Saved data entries
= = = = = = =

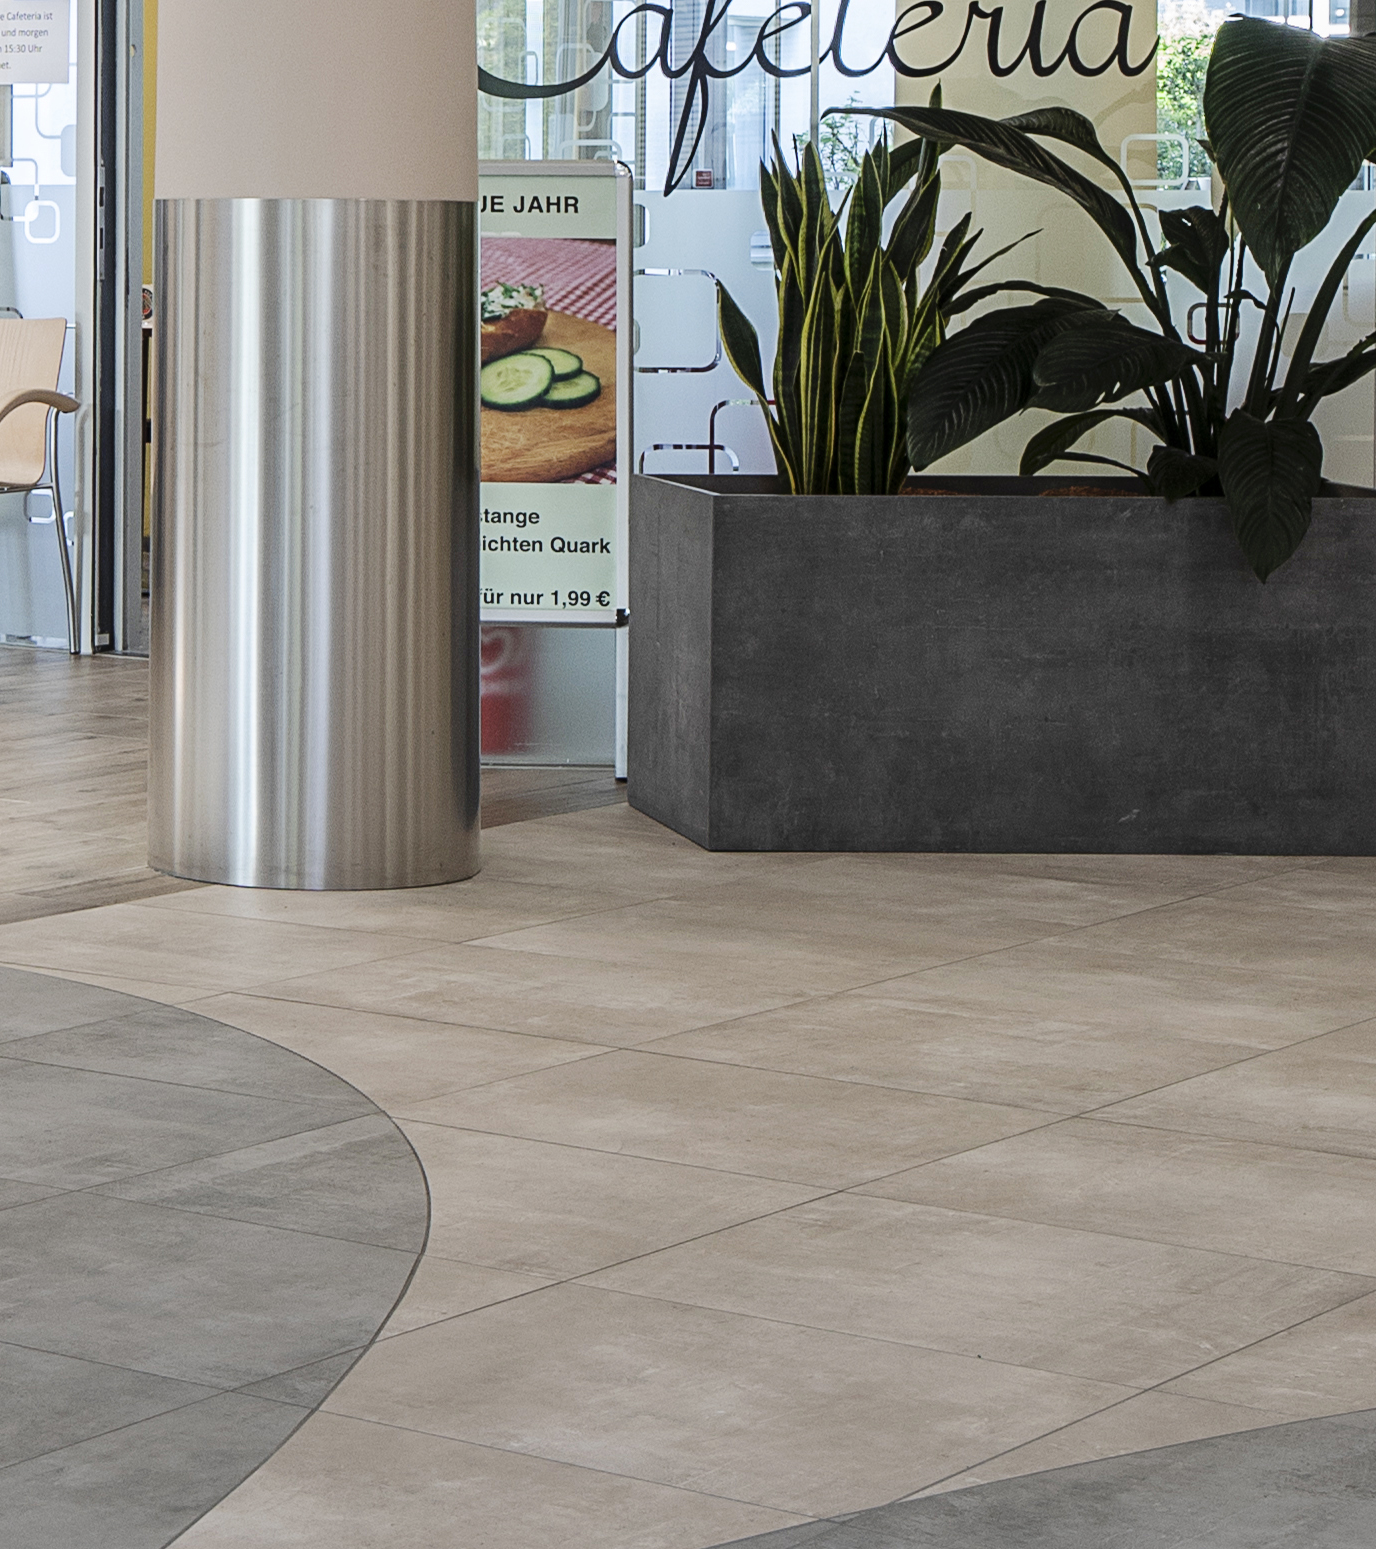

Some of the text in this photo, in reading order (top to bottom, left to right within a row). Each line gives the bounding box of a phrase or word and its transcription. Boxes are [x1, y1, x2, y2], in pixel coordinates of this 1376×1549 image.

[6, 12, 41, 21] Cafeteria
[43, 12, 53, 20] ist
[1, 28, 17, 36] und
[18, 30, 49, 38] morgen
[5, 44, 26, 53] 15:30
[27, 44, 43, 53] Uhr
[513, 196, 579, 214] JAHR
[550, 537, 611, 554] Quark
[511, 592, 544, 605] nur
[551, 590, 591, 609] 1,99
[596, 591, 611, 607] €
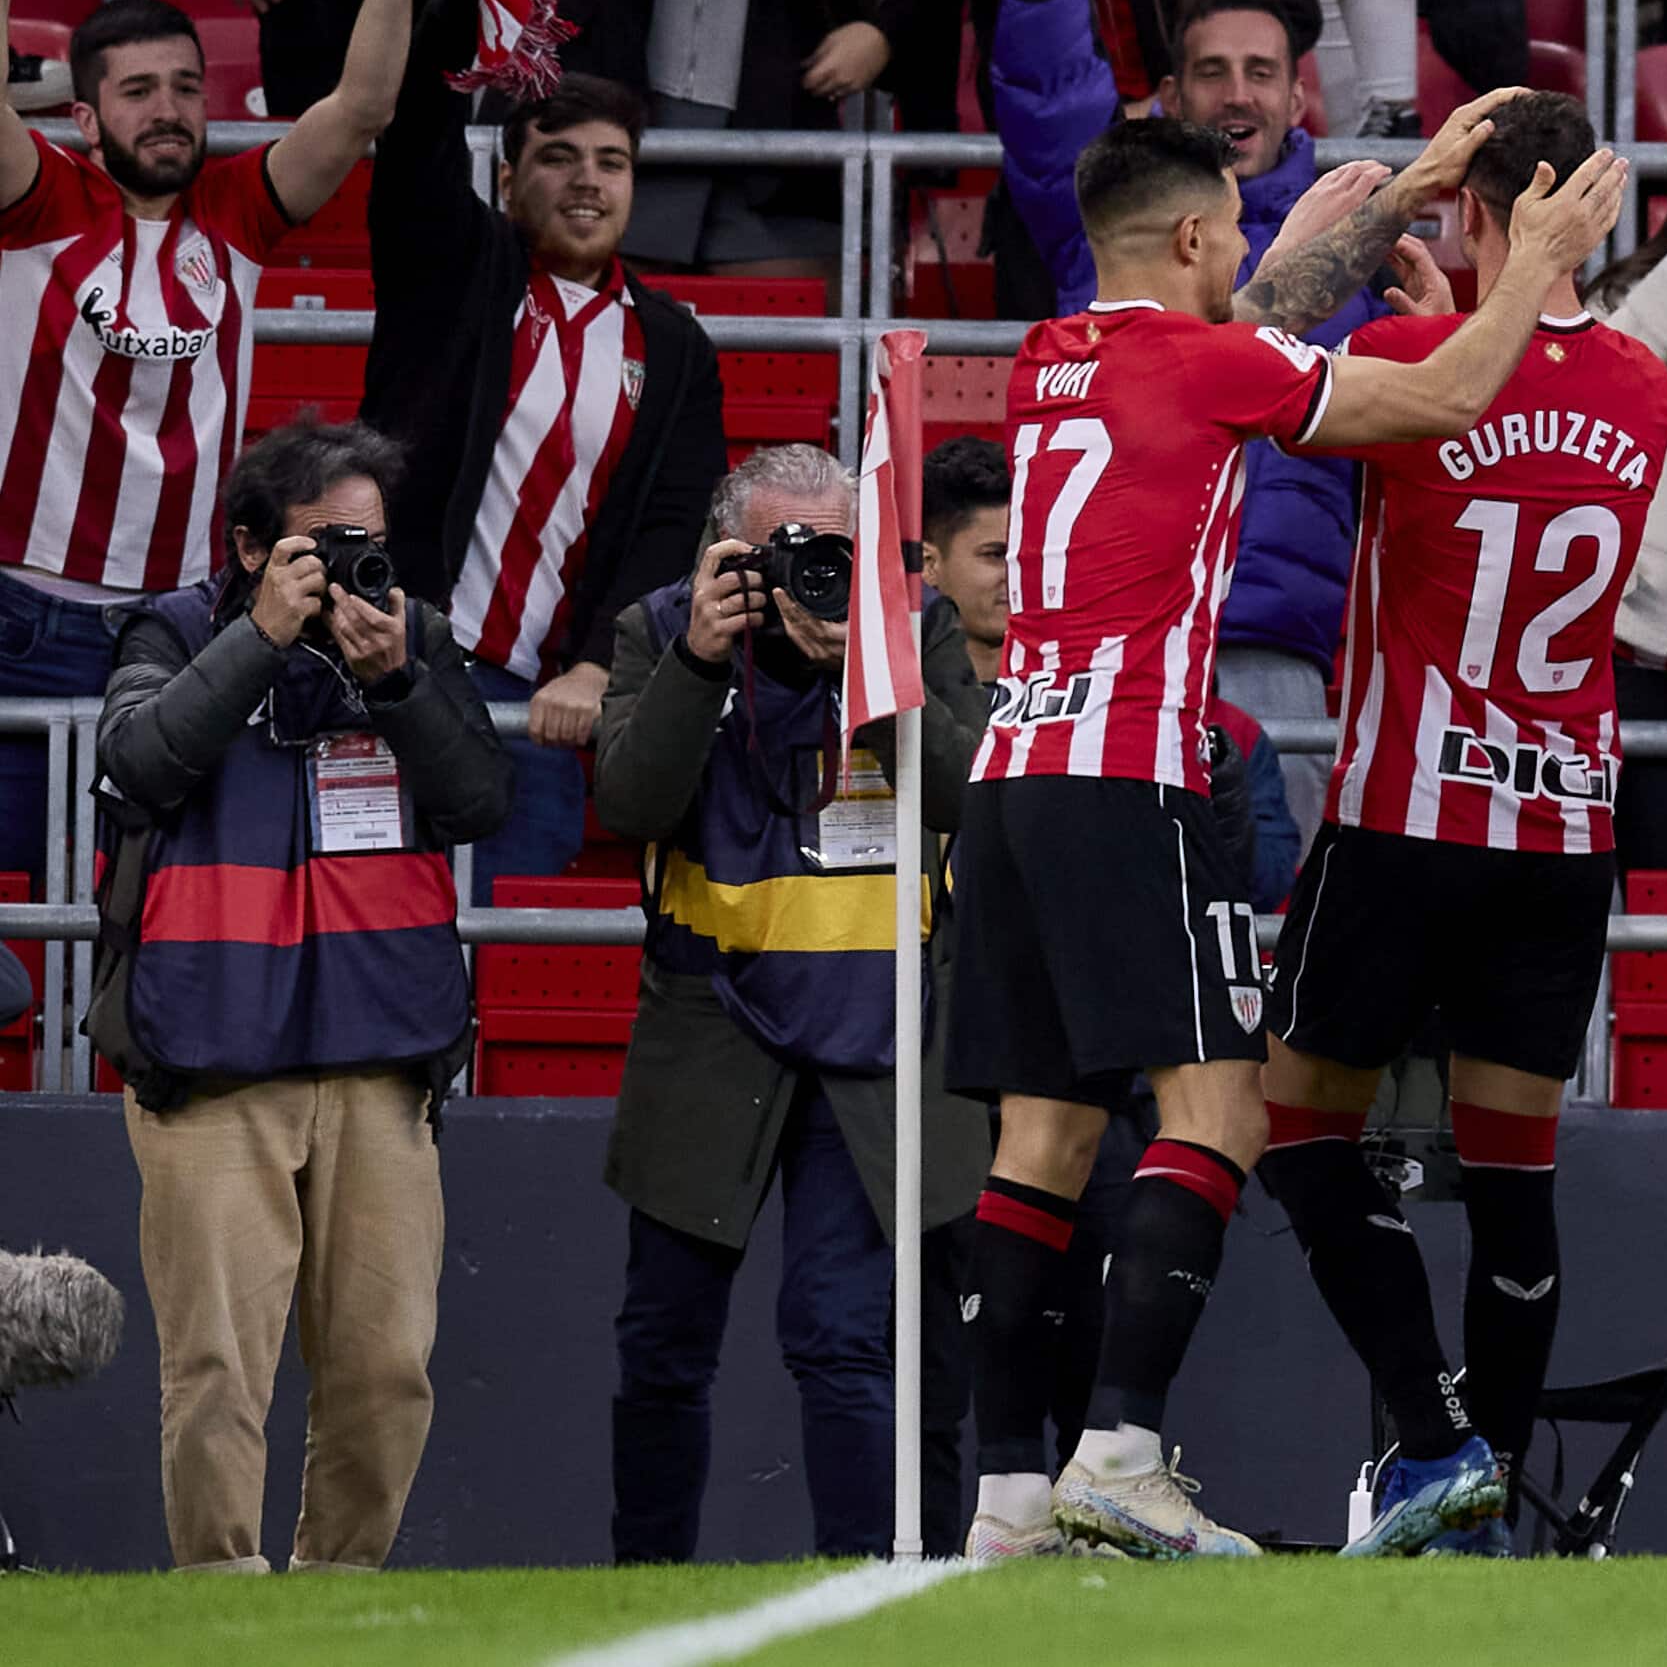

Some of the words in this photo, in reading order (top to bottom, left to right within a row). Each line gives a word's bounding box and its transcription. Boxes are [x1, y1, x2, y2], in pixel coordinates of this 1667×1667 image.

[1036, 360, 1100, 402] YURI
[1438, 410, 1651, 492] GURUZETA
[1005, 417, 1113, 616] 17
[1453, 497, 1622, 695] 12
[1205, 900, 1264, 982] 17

= = = = = = =

## Work required
Copy every record verbatim while leaving each picture out.

## Task answer
Some of the text in this photo, in reading order (top to bottom, left to right within a row). Each line gives the bounding box of a phrase or word and its transcription. Boxes are [x1, y1, x2, y2], in pixel coordinates of this 1376×1549 image.

[6, 12, 41, 21] Cafeteria
[43, 12, 53, 20] ist
[1, 28, 17, 36] und
[18, 30, 49, 38] morgen
[5, 44, 26, 53] 15:30
[27, 44, 43, 53] Uhr
[513, 196, 579, 214] JAHR
[550, 537, 611, 554] Quark
[511, 592, 544, 605] nur
[551, 590, 591, 609] 1,99
[596, 591, 611, 607] €

Some of the words in this photo, in reading order (top to bottom, left to right within a row). Each line gives a word's bounding box and its transcription. Boxes are [x1, y1, x2, y2], in pixel coordinates of this 1667×1667 image.

[1036, 360, 1100, 402] YURI
[1438, 410, 1651, 492] GURUZETA
[1005, 417, 1113, 616] 17
[1453, 497, 1622, 695] 12
[1205, 900, 1264, 982] 17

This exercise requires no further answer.